## Aim of the exercise
Nothing but the exact text of the entries should appear in your answer; pictures stay out.

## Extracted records
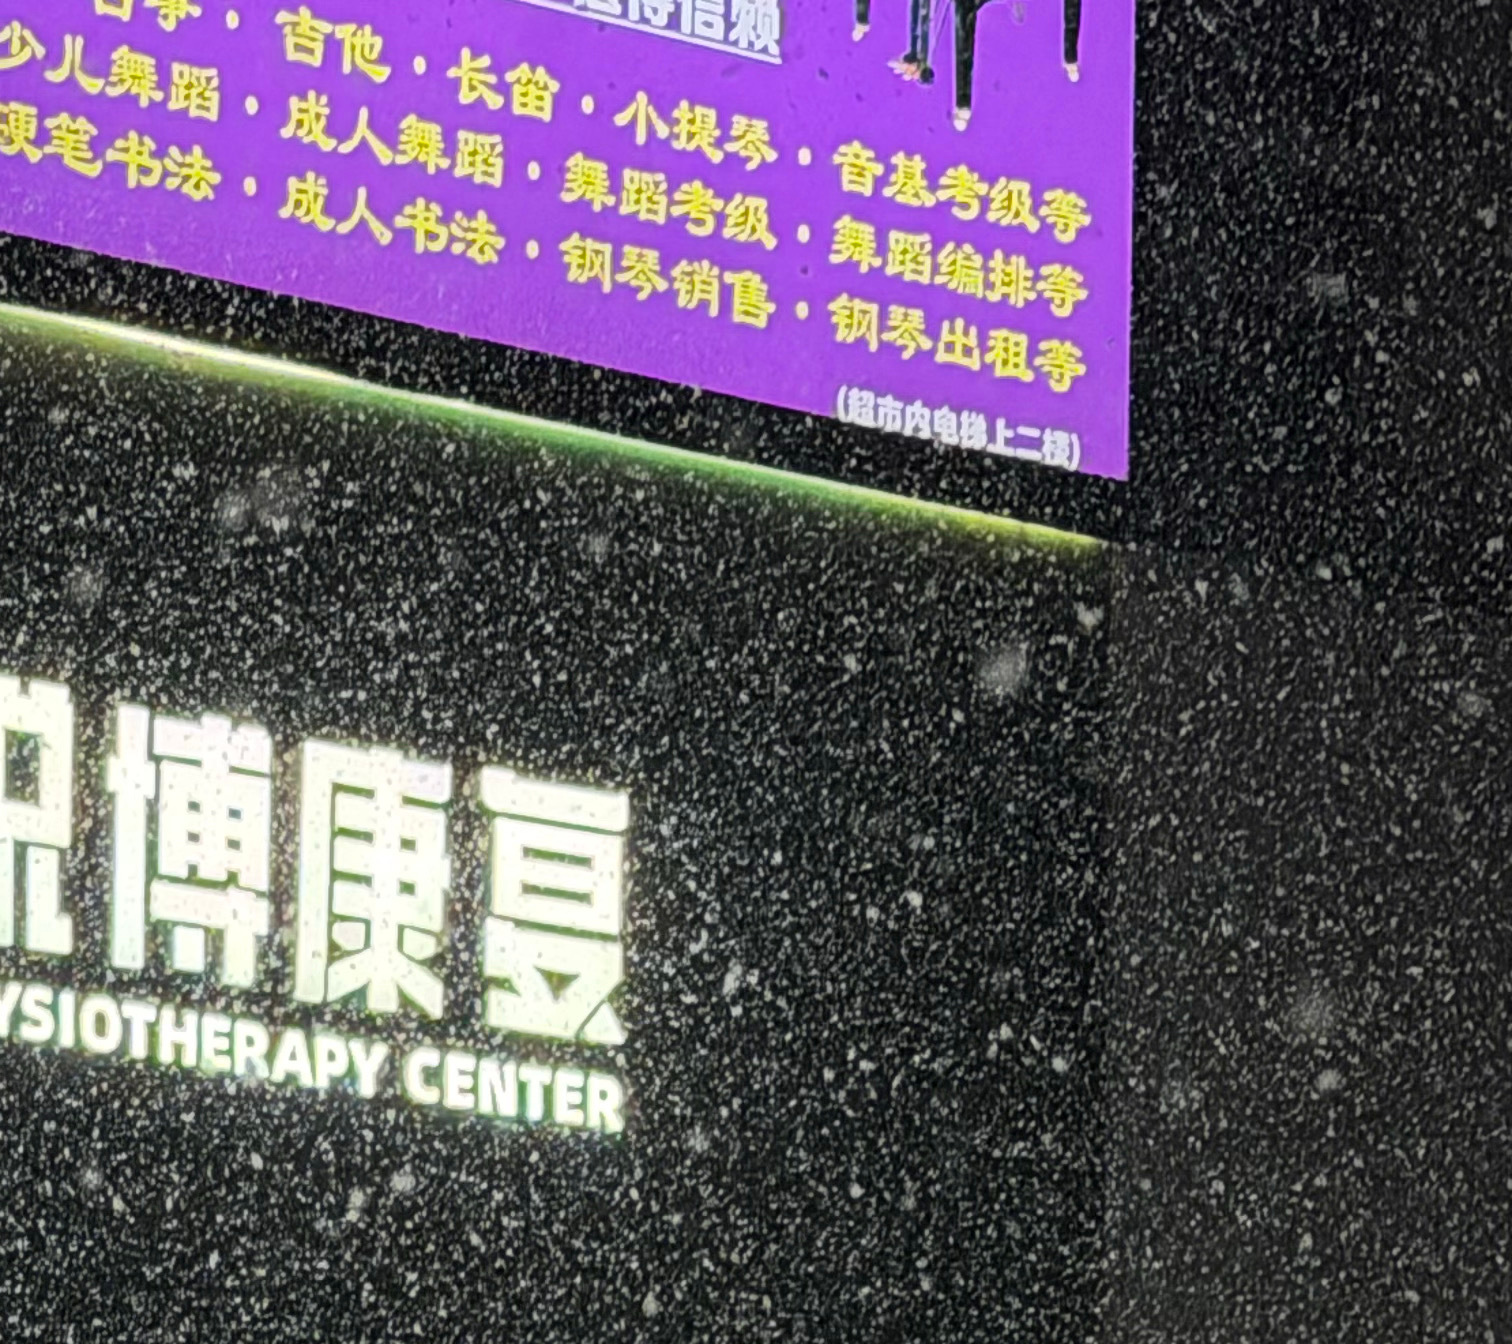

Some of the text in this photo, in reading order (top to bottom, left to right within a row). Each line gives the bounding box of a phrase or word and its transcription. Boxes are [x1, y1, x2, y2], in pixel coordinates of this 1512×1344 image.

[275, 6, 392, 83] 吉他
[447, 47, 561, 122] 长笛
[614, 91, 779, 170] 小提琴
[832, 140, 1091, 243] 音基考级等
[279, 90, 504, 189] 成人舞蹈
[559, 152, 778, 251] 舞蹈考级
[829, 215, 1088, 318] 舞蹈编排等
[277, 171, 506, 265] 成人书法
[559, 232, 777, 329] 钢琴销售
[827, 293, 1087, 393] 钢琴出租等
[402, 1045, 626, 1134] CENTER

## Task solution
Some of the text in this photo, in reading order (top to bottom, left to right within a row). Each line gives the bounding box of a phrase or word and its transcription. Boxes are [x1, y1, x2, y2], in pixel coordinates of this 1512×1344 image.

[275, 6, 392, 83] 吉他
[447, 47, 561, 122] 长笛
[614, 91, 779, 170] 小提琴
[832, 140, 1091, 243] 音基考级等
[279, 90, 504, 189] 成人舞蹈
[559, 152, 778, 251] 舞蹈考级
[829, 215, 1088, 318] 舞蹈编排等
[277, 171, 506, 265] 成人书法
[559, 232, 777, 329] 钢琴销售
[827, 293, 1087, 393] 钢琴出租等
[402, 1045, 626, 1134] CENTER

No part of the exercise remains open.